• _Assignment_
Return the whole listing unchanged. Drop the images.

• _Data to use_
= = = = = = =

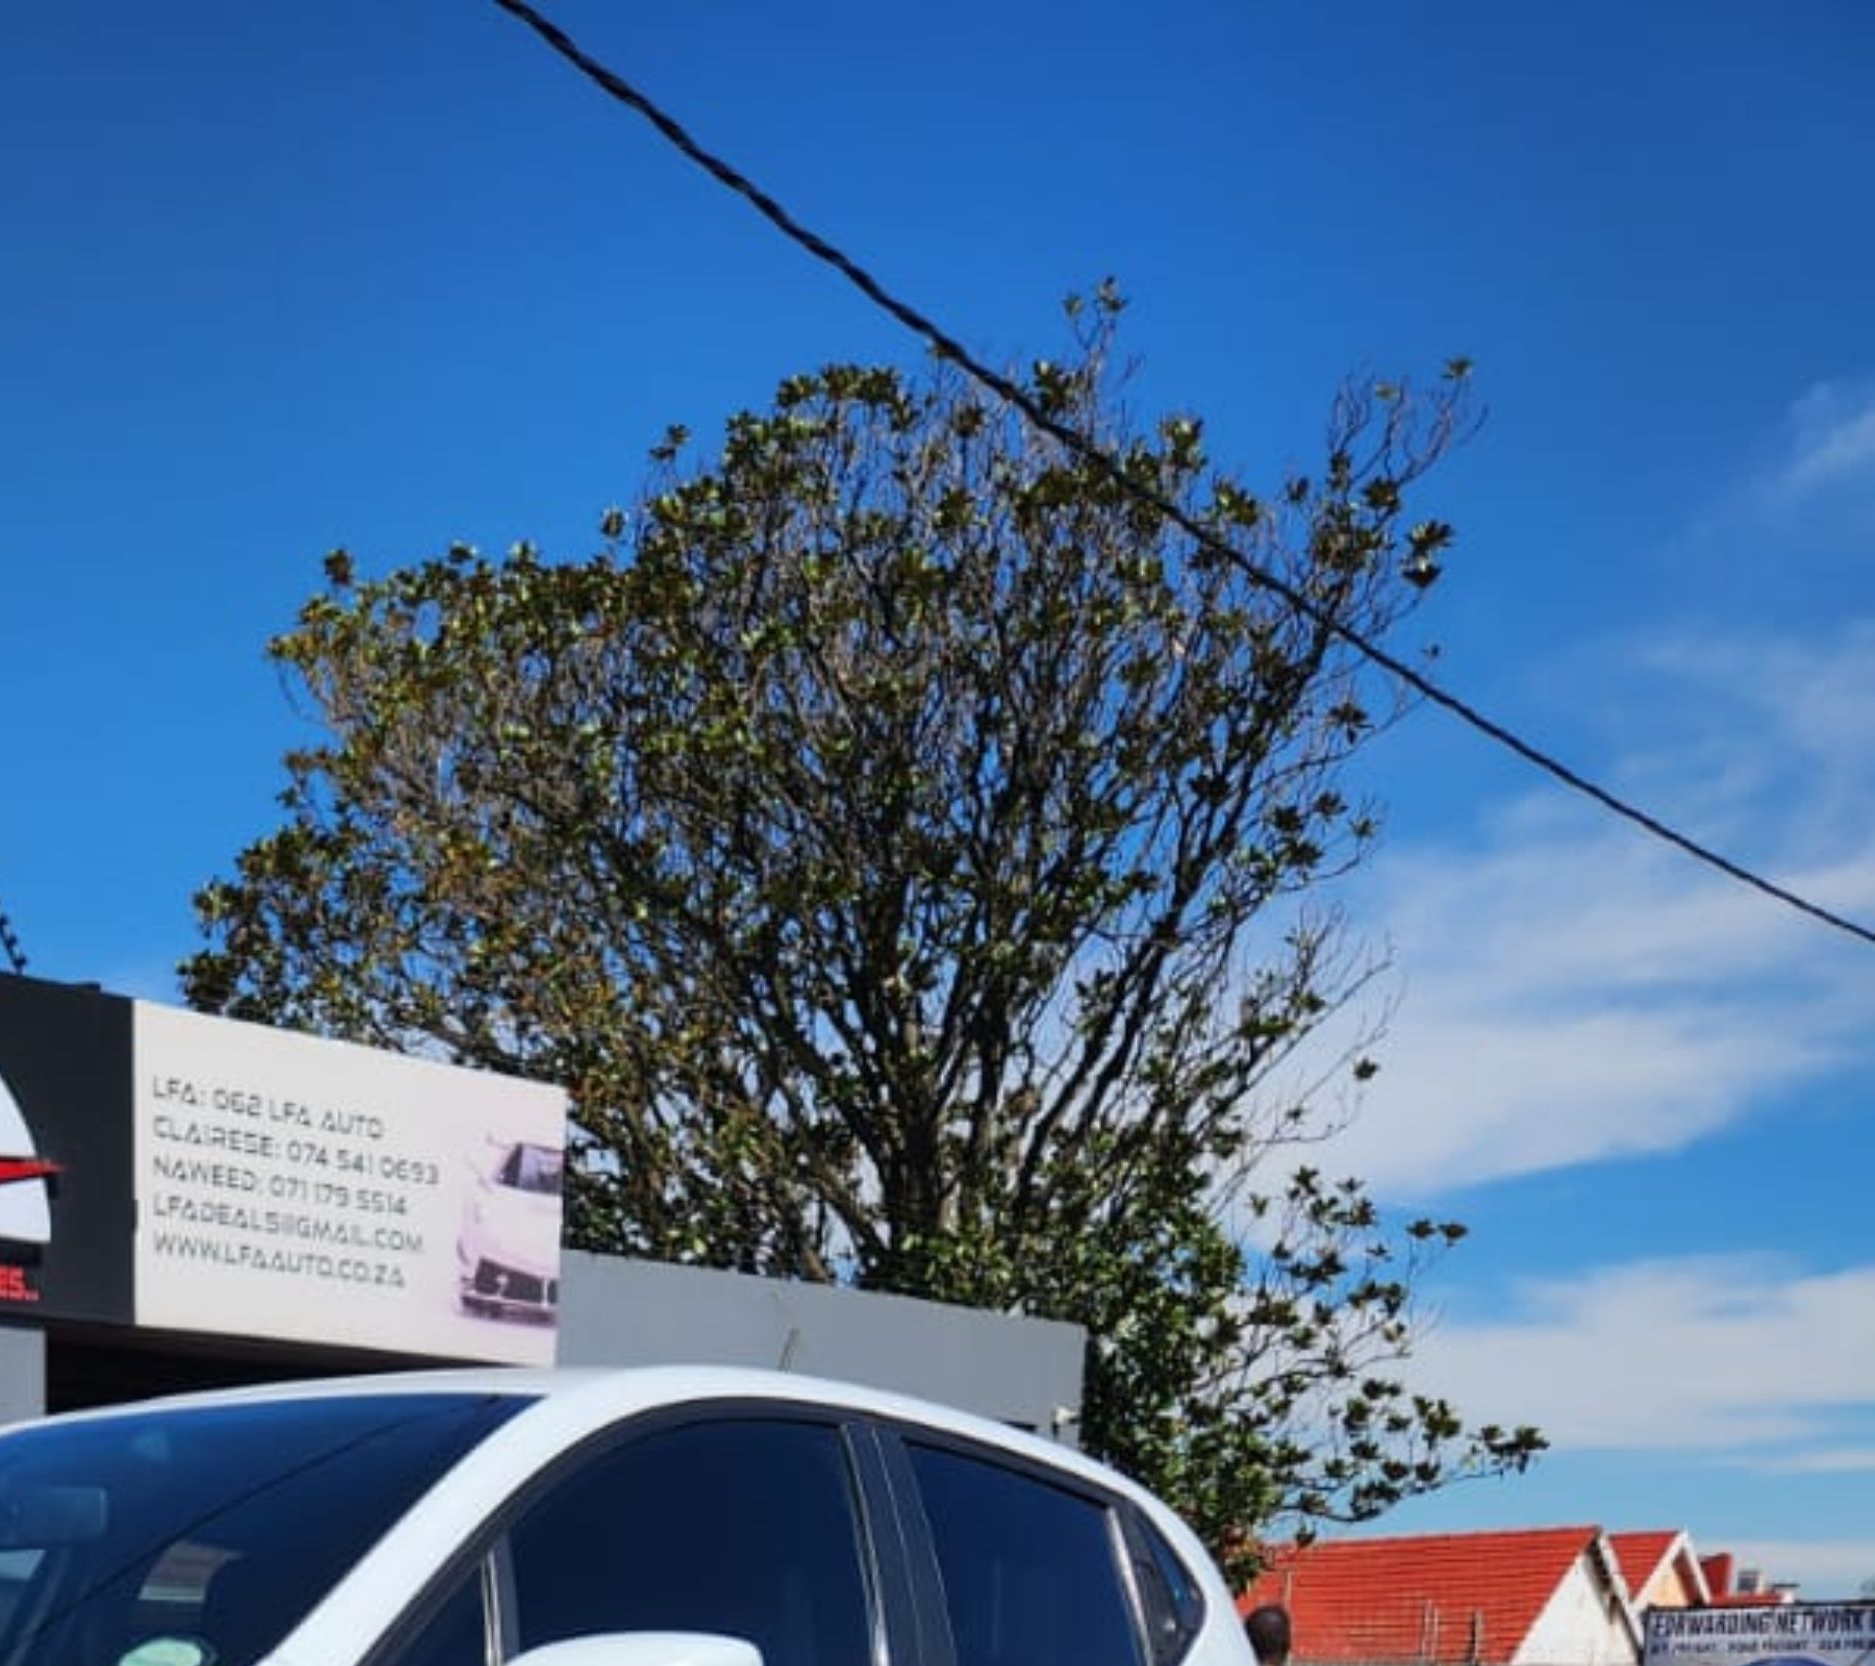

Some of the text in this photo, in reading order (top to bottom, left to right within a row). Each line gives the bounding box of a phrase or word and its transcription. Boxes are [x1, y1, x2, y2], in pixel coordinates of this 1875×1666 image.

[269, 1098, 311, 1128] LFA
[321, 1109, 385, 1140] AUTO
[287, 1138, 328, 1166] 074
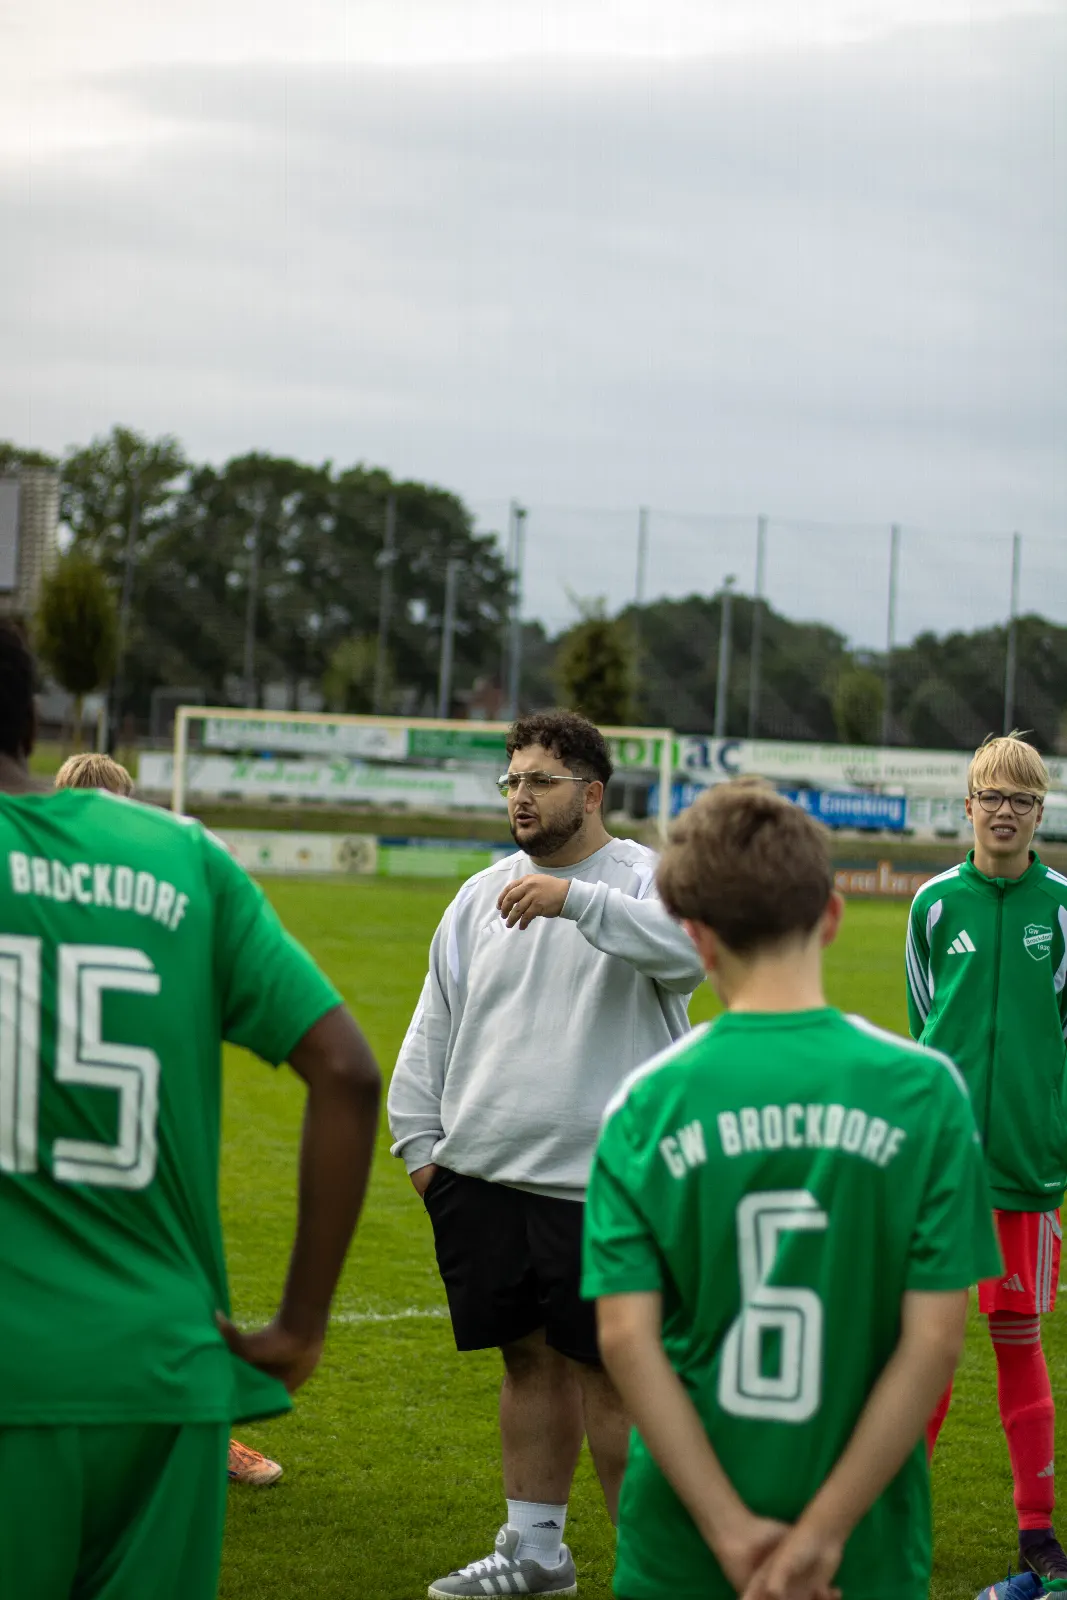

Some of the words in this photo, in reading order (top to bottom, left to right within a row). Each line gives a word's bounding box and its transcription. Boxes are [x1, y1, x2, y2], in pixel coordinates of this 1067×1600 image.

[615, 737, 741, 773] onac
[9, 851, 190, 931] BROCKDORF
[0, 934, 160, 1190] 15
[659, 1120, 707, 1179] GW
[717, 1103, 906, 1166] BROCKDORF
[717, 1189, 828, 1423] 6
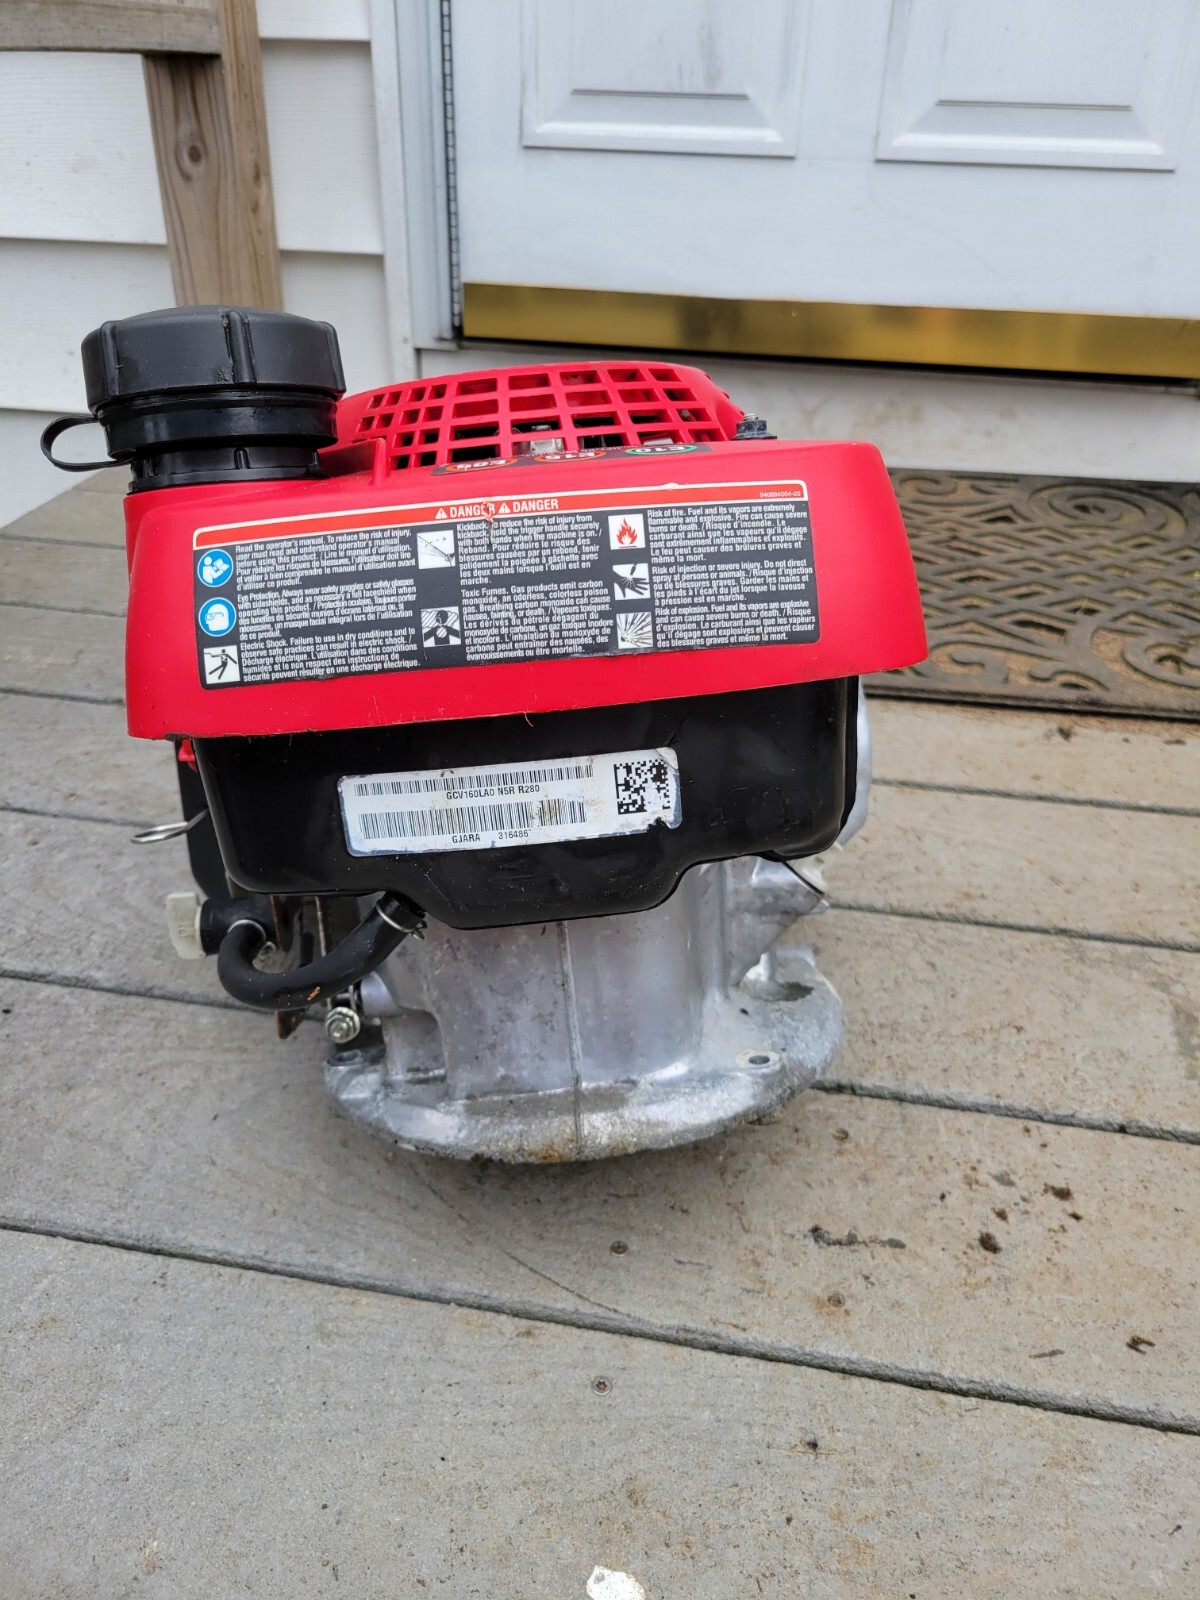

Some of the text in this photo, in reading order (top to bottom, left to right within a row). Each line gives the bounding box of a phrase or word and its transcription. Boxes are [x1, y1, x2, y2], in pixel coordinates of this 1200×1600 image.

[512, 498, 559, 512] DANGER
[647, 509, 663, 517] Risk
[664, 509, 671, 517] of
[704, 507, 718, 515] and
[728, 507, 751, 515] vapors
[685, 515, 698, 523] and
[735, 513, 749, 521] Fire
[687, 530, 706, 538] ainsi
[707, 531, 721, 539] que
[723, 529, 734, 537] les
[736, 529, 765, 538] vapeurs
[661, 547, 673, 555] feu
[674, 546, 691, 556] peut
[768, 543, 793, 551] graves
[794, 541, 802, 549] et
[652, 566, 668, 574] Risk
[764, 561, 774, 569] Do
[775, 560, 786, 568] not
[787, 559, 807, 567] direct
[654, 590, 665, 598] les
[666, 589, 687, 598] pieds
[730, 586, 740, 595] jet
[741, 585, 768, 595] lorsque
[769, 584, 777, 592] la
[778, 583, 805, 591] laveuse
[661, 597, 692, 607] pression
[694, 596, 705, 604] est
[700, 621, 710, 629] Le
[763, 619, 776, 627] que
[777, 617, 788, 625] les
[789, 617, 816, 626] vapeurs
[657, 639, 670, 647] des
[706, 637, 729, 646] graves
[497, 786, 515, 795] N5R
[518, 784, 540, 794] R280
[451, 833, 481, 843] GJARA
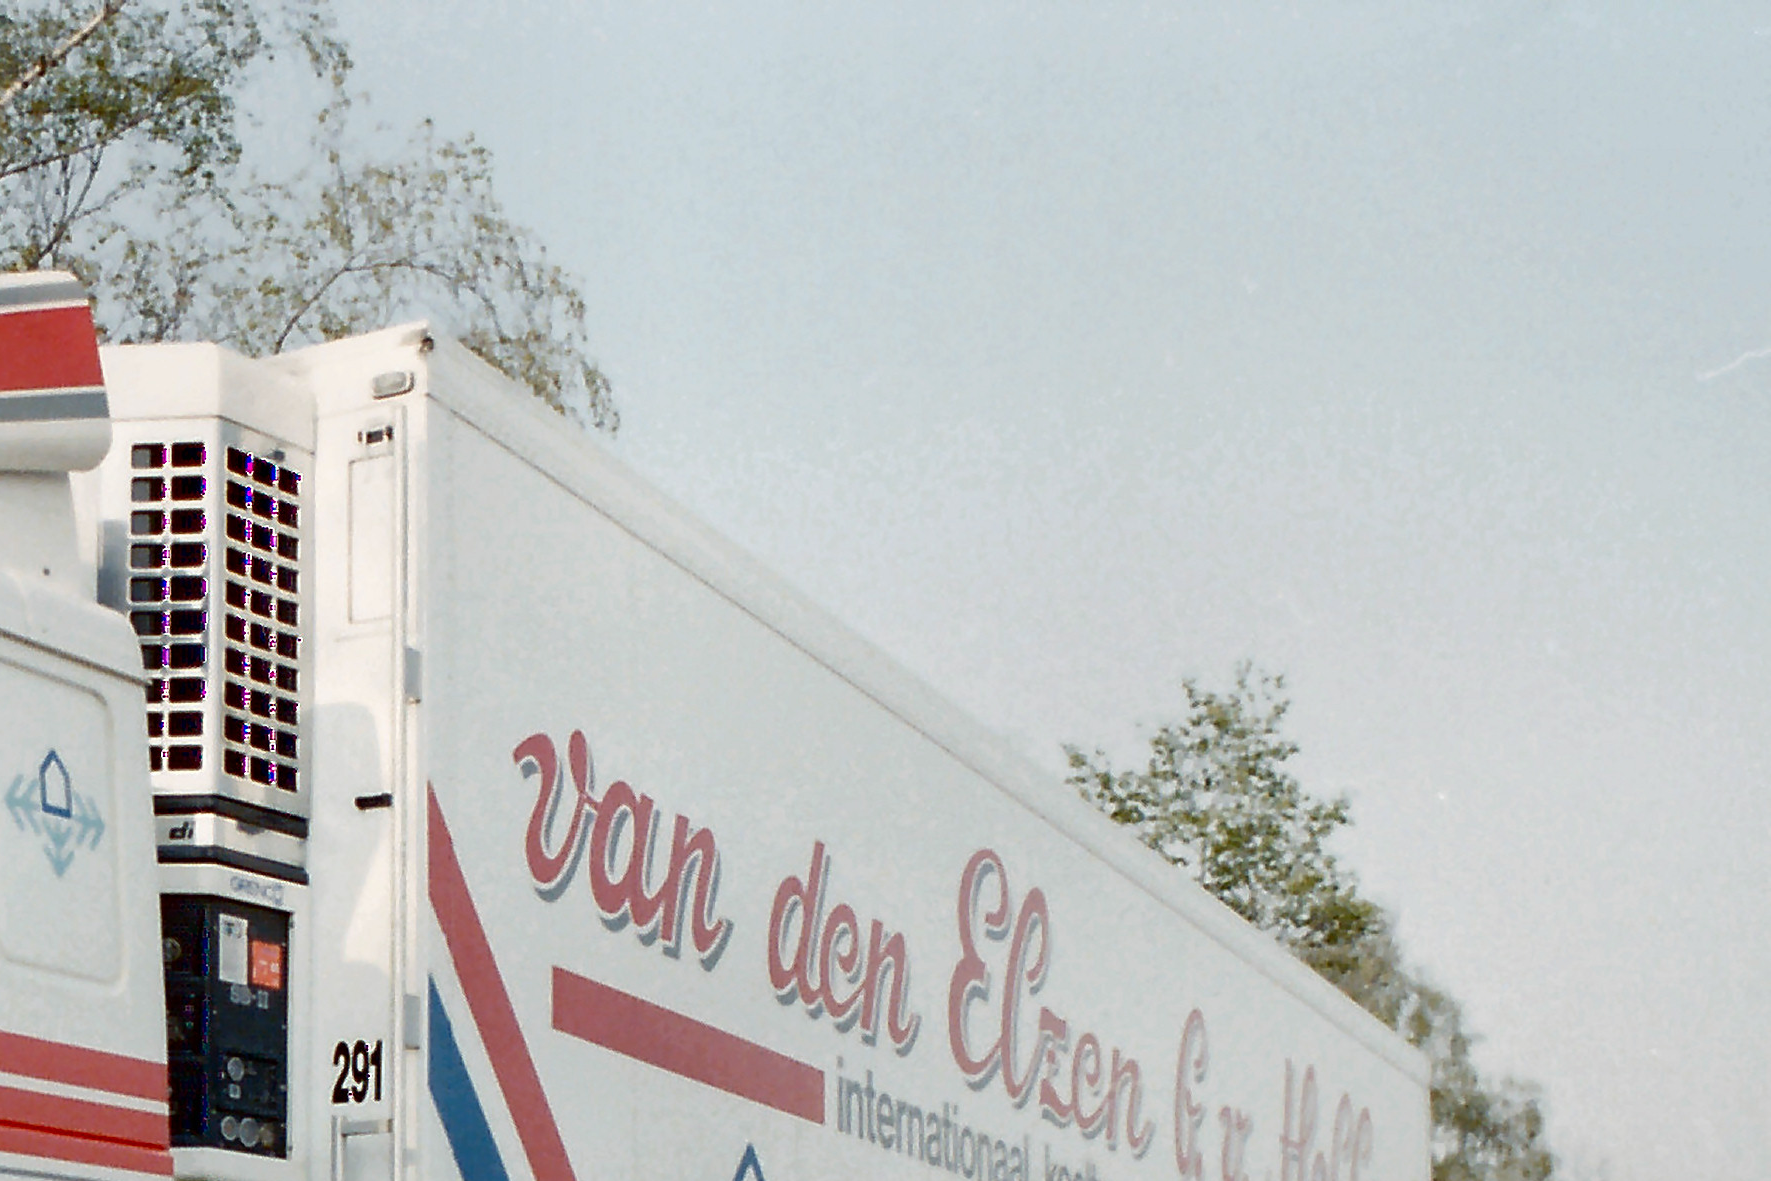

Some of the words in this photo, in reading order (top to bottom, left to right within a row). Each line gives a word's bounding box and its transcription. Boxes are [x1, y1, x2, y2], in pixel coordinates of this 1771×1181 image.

= = = = = = =

• _Answer for this exercise_
Some of the text in this photo, in reading order (top to bottom, left to right within a row). Each line gives the bounding box of a phrase or word and its transcription. Boxes are [x1, y1, x2, y2], in pixel coordinates of this 1875×1666 image.

[269, 1098, 311, 1128] LFA
[321, 1109, 385, 1140] AUTO
[287, 1138, 328, 1166] 074

Some of the words in this photo, in reading order (top to bottom, left to right within a row). Each line gives a word's bounding box and its transcription. Boxes are [x1, y1, x2, y2], in pixel coordinates of this 1067×1600 image.

[615, 737, 741, 773] onac
[9, 851, 190, 931] BROCKDORF
[0, 934, 160, 1190] 15
[659, 1120, 707, 1179] GW
[717, 1103, 906, 1166] BROCKDORF
[717, 1189, 828, 1423] 6

Some of the text in this photo, in reading order (top to bottom, left to right within a row). Each line gives the bounding box of a phrase or word and its transcription. Boxes are [x1, y1, x2, y2], in pixel coordinates of this 1200×1600 image.

[512, 498, 559, 512] DANGER
[647, 509, 663, 517] Risk
[664, 509, 671, 517] of
[704, 507, 718, 515] and
[728, 507, 751, 515] vapors
[685, 515, 698, 523] and
[735, 513, 749, 521] Fire
[687, 530, 706, 538] ainsi
[707, 531, 721, 539] que
[723, 529, 734, 537] les
[736, 529, 765, 538] vapeurs
[661, 547, 673, 555] feu
[674, 546, 691, 556] peut
[768, 543, 793, 551] graves
[794, 541, 802, 549] et
[652, 566, 668, 574] Risk
[764, 561, 774, 569] Do
[775, 560, 786, 568] not
[787, 559, 807, 567] direct
[654, 590, 665, 598] les
[666, 589, 687, 598] pieds
[730, 586, 740, 595] jet
[741, 585, 768, 595] lorsque
[769, 584, 777, 592] la
[778, 583, 805, 591] laveuse
[661, 597, 692, 607] pression
[694, 596, 705, 604] est
[700, 621, 710, 629] Le
[763, 619, 776, 627] que
[777, 617, 788, 625] les
[789, 617, 816, 626] vapeurs
[657, 639, 670, 647] des
[706, 637, 729, 646] graves
[497, 786, 515, 795] N5R
[518, 784, 540, 794] R280
[451, 833, 481, 843] GJARA

Some of the words in this photo, in reading order (top to bottom, left to right within a row). Each line gives a word's bounding box and its transcription. Boxes are [x1, y1, x2, y2], in pixel coordinates of this 1771×1181 image.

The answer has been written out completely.